Middletown Springs

This professional tourist business is no new thing in Vermont. I think it began in 1805. I have found that in that year many persons came from Albany in a horse and buggy to visit the mineral springs which were then thought notable at Middletown Springs...it is strange, with Saratoga Springs so near, that these New Yorkers came to Vermont to take our waters.

Charles Edward Crane, “Let Me Show You Vermont”

My first and only stop in Middletown Springs was at the crossroads of Routes 140 and 133. That's an intersection with presence, marked by an impressive sign that points you towards Canada or New York City, conjurying up images of Hobbitt-like adventures in faraway lands. I turned right and ventured north up the open road for thirty feet, then turned around again, and took a closer look at the lovely 19th century buildings that line two sides of the village green.

The tall-steepled church, the neo-classical hall (now the Historical Society, unfortunately closed that day) and the very ornamented large pink and cream wedding cake of a house all spoke of a prosperous past. Then as now, prosperity in a state with many mountains and rivers but few fertile valleys was all about tourism.

Like thirty other Vermont towns that discovered a source of mineral water—the fouler smelling and viler tasting, the better— Middletown Springs became a destination for infirm flatlanders ready to pay well for remedies no matter how unproven. As a local sign promised, "For asthma, drink from Tap Number 2 and wish on Tap Number 3." Doctors, patients and owners of mineral springs all testified to their curative powers.

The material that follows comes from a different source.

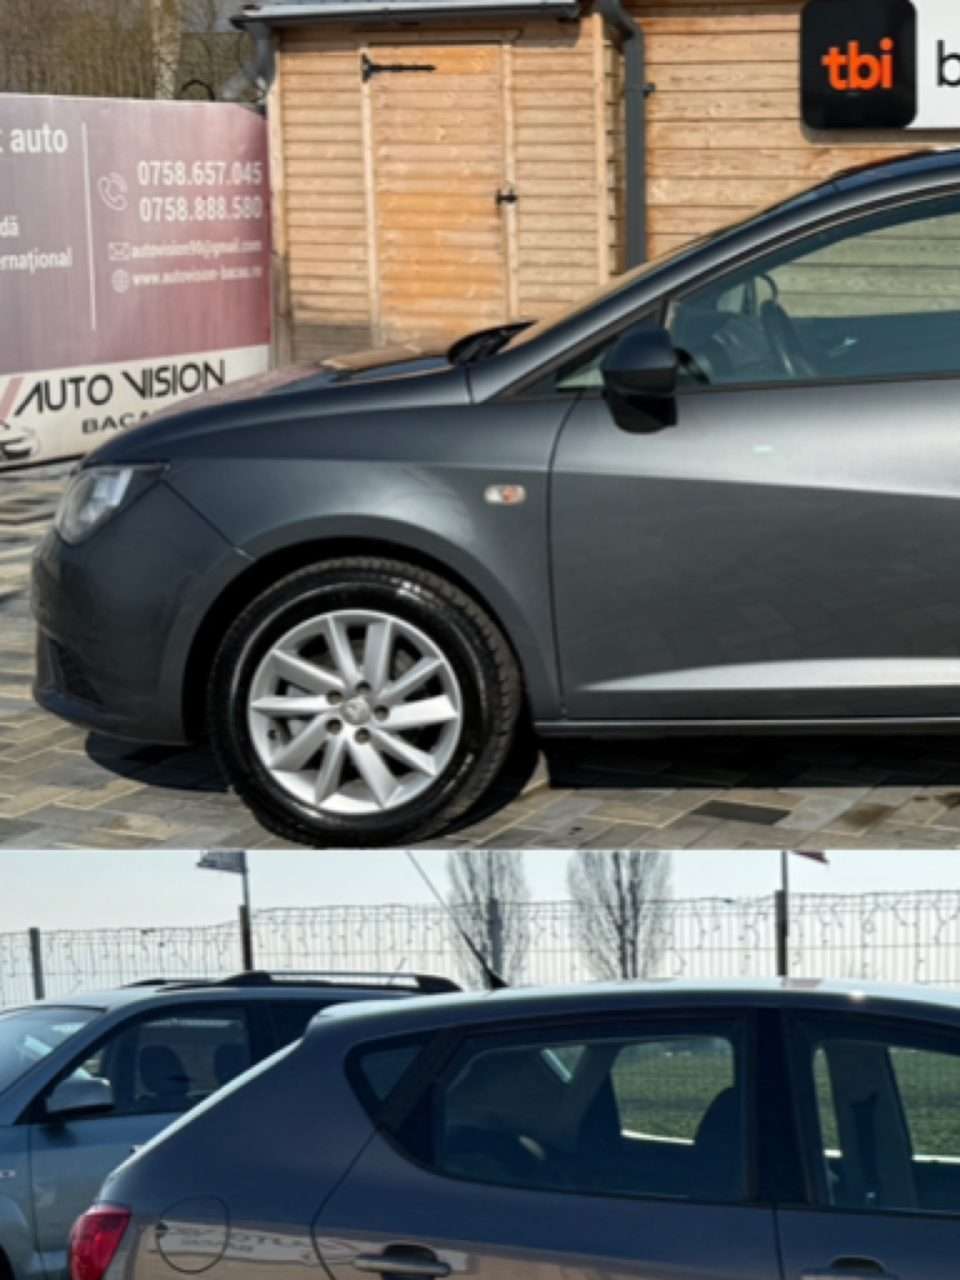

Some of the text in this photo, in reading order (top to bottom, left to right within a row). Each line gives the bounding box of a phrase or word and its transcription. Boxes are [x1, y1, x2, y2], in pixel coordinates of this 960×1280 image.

By the early 1900's, the healing powers of sulpher was debunked, and crowds vanished from the resorts built around noxious mineral springs. Still, a few tourists from Boston came, and found that after a week in the country they generally felt better.

Maybe just being in rural Vermont, away from the stresses of city life, rocking gently on the Middletown Springs Hotel verandah, the North Brook babbling and mockingbirds singing, was enough all by itself to alleviate dyspepsia and piles.